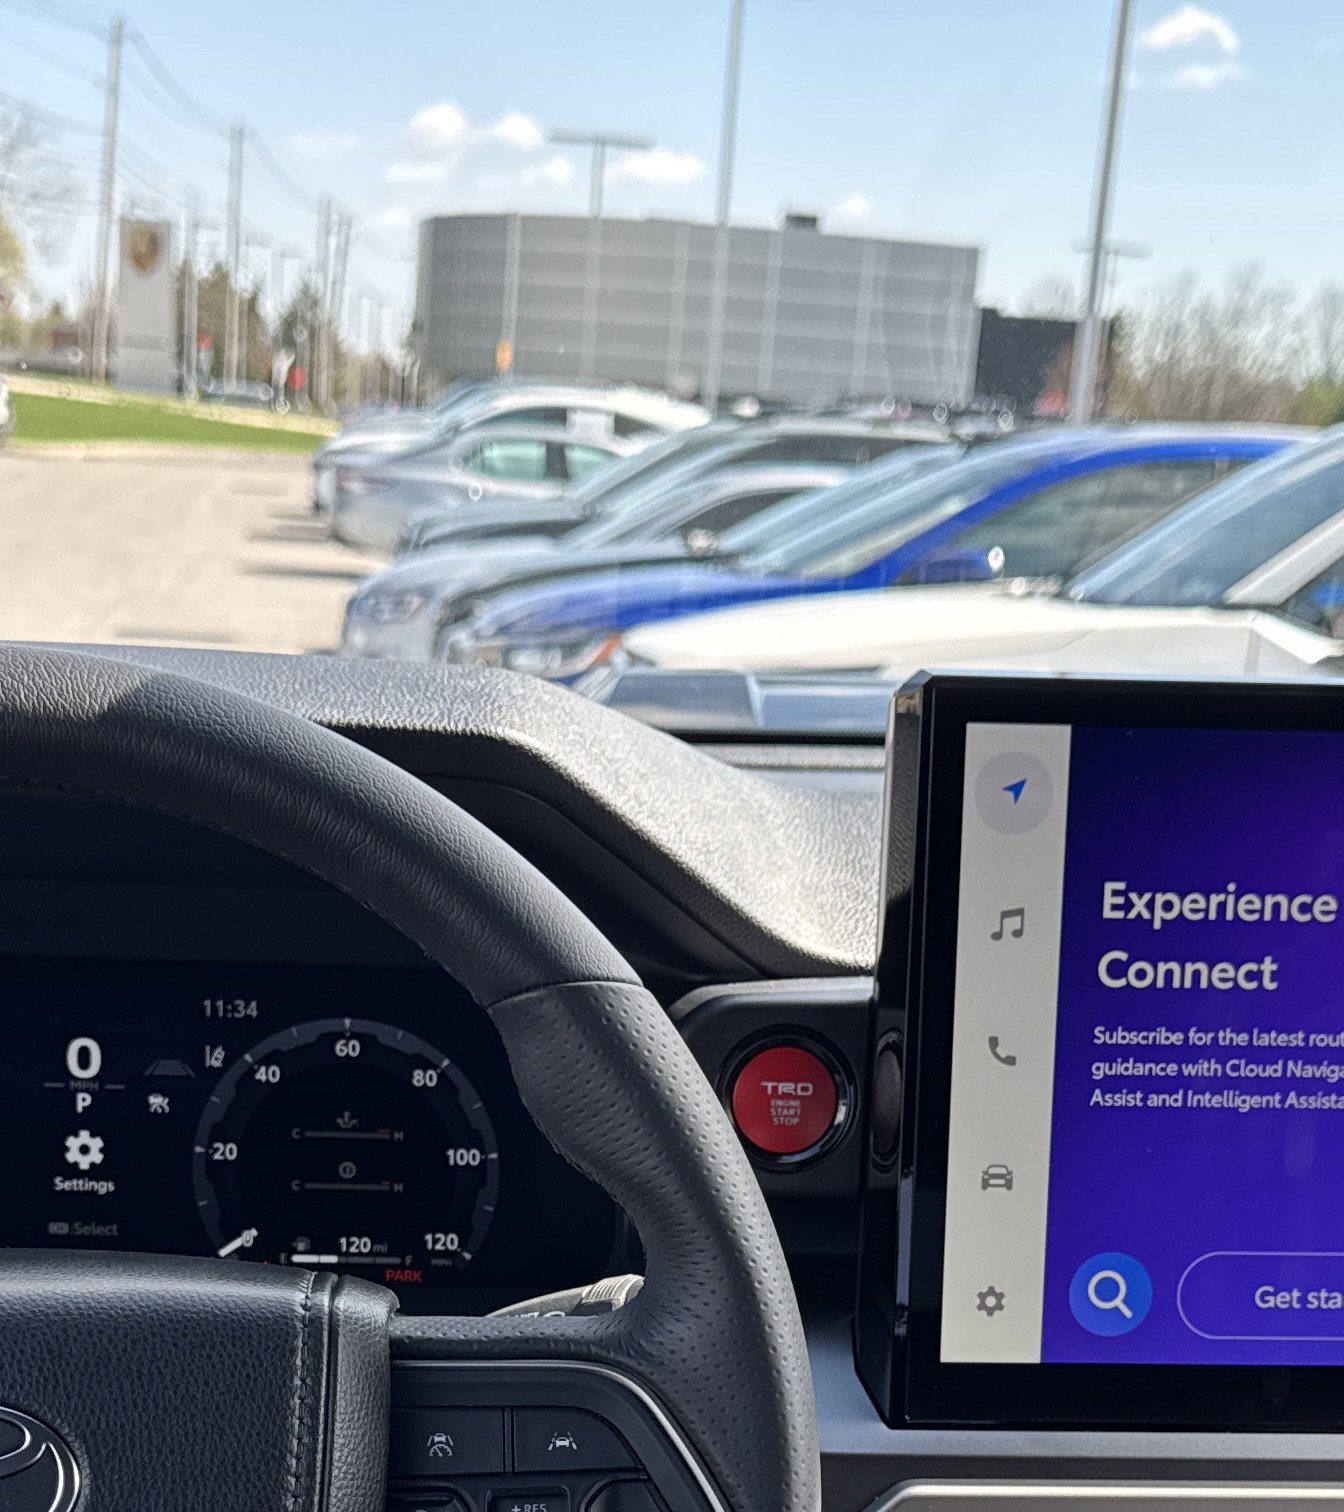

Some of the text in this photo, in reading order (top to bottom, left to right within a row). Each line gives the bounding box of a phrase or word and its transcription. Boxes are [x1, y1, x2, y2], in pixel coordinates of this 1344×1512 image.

[1102, 881, 1338, 929] Experience
[1097, 950, 1279, 990] Connect
[203, 1000, 257, 1018] 11:34
[1093, 1026, 1184, 1045] Subscribe
[1188, 1026, 1215, 1045] for
[1218, 1027, 1249, 1046] the
[1252, 1027, 1305, 1047] latest
[65, 1036, 102, 1079] 0
[334, 1039, 360, 1058] 60
[255, 1065, 280, 1083] 40
[411, 1069, 437, 1087] 80
[1091, 1057, 1178, 1080] guidance
[1181, 1058, 1222, 1077] with
[1226, 1059, 1283, 1078] Cloud
[760, 1081, 814, 1096] TRD
[75, 1091, 92, 1114] P
[770, 1099, 801, 1107] ENGINE
[1089, 1088, 1143, 1107] Assist
[1147, 1089, 1183, 1108] and
[1187, 1089, 1281, 1113] Intelligent
[770, 1107, 801, 1116] START
[772, 1117, 800, 1126] STOP
[212, 1142, 238, 1161] 20
[446, 1148, 480, 1166] 100
[54, 1176, 115, 1195] Settings
[338, 1236, 388, 1254] 120 mi
[423, 1232, 458, 1251] 120
[385, 1269, 423, 1282] PARK
[1254, 1286, 1301, 1310] Get
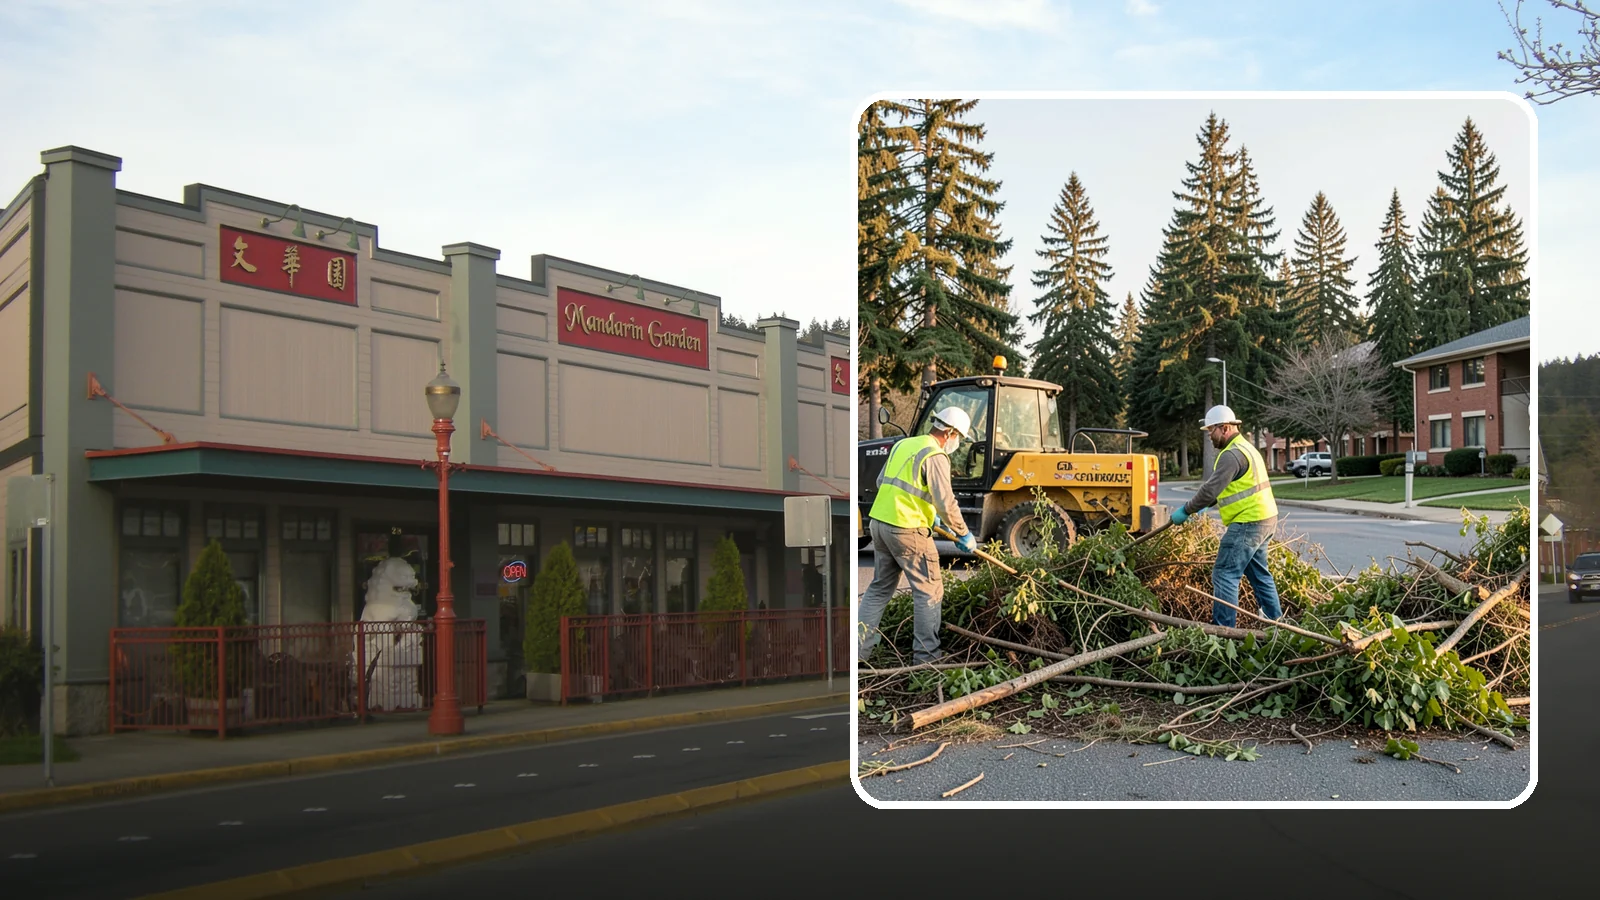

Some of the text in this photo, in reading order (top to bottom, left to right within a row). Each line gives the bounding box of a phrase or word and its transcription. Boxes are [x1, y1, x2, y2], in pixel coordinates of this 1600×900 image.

[230, 235, 346, 291] 文華園
[564, 302, 701, 352] Mandarin Garden
[503, 565, 527, 578] OPEN
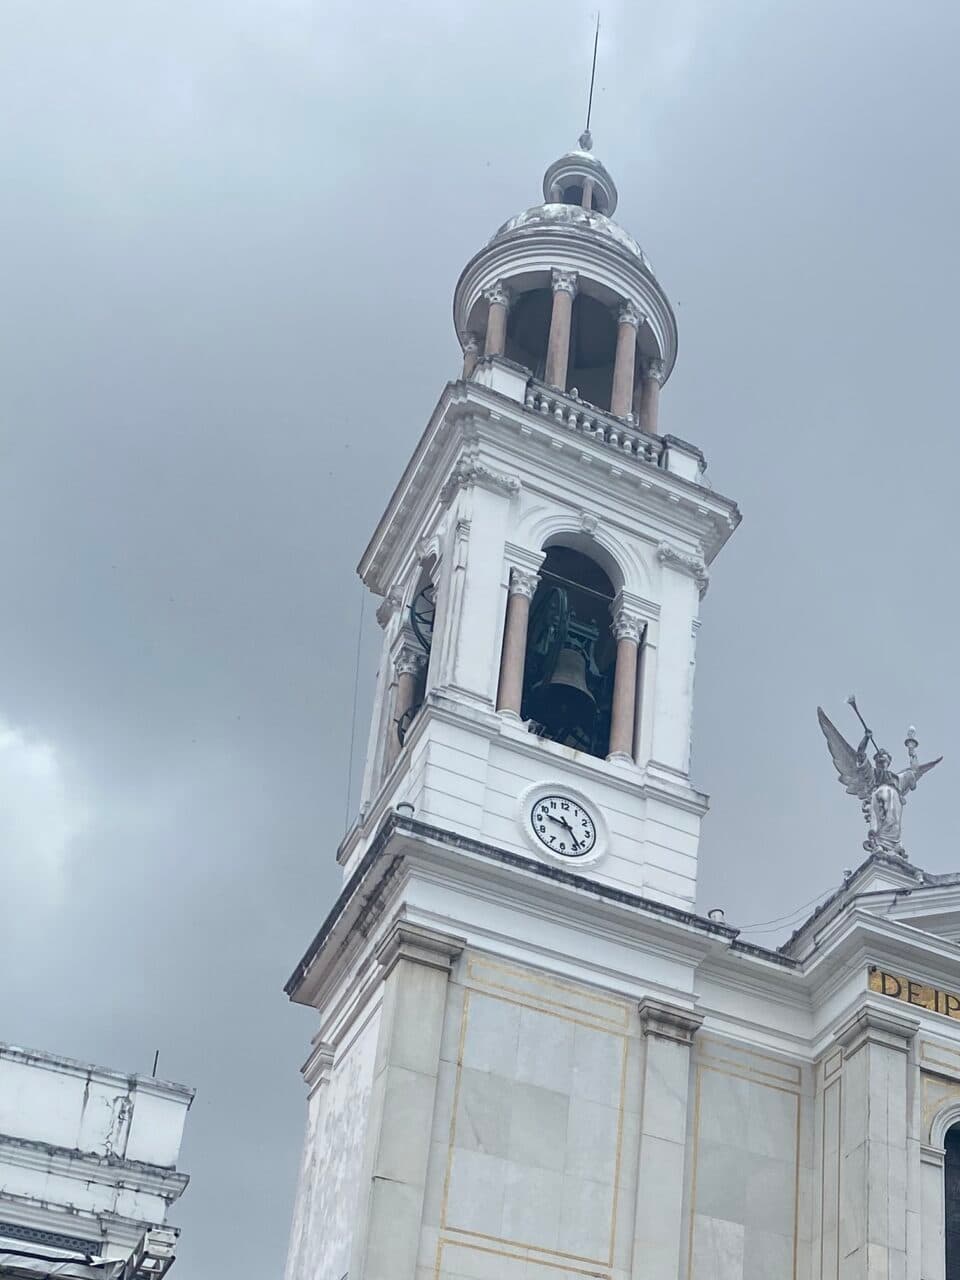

--- --- ---

BRIEF: The copy must match every line of the data exactly and contain no pictures.

OUTPUT OF THE EXERCISE:
Some of the text in this photo, in reading order (top to bottom, left to right within a row). Each line gives the bounding box of a phrase or word and its transcription. Boxes are [x1, y1, x2, y2], in pixel coordinates of this 1344×1512 image.

[1102, 881, 1338, 929] Experience
[1097, 950, 1279, 990] Connect
[203, 1000, 257, 1018] 11:34
[1093, 1026, 1184, 1045] Subscribe
[1188, 1026, 1215, 1045] for
[1218, 1027, 1249, 1046] the
[1252, 1027, 1305, 1047] latest
[65, 1036, 102, 1079] 0
[334, 1039, 360, 1058] 60
[255, 1065, 280, 1083] 40
[411, 1069, 437, 1087] 80
[1091, 1057, 1178, 1080] guidance
[1181, 1058, 1222, 1077] with
[1226, 1059, 1283, 1078] Cloud
[760, 1081, 814, 1096] TRD
[75, 1091, 92, 1114] P
[770, 1099, 801, 1107] ENGINE
[1089, 1088, 1143, 1107] Assist
[1147, 1089, 1183, 1108] and
[1187, 1089, 1281, 1113] Intelligent
[770, 1107, 801, 1116] START
[772, 1117, 800, 1126] STOP
[212, 1142, 238, 1161] 20
[446, 1148, 480, 1166] 100
[54, 1176, 115, 1195] Settings
[338, 1236, 388, 1254] 120 mi
[423, 1232, 458, 1251] 120
[385, 1269, 423, 1282] PARK
[1254, 1286, 1301, 1310] Get

Some of the text in this photo, in reading order (top to bottom, left to right within a row). Each line gives the bounding box of a phrase or word and its transcription. Boxes are [x1, y1, x2, y2], in pixel coordinates of this 1600×900 image.

[230, 235, 346, 291] 文華園
[564, 302, 701, 352] Mandarin Garden
[503, 565, 527, 578] OPEN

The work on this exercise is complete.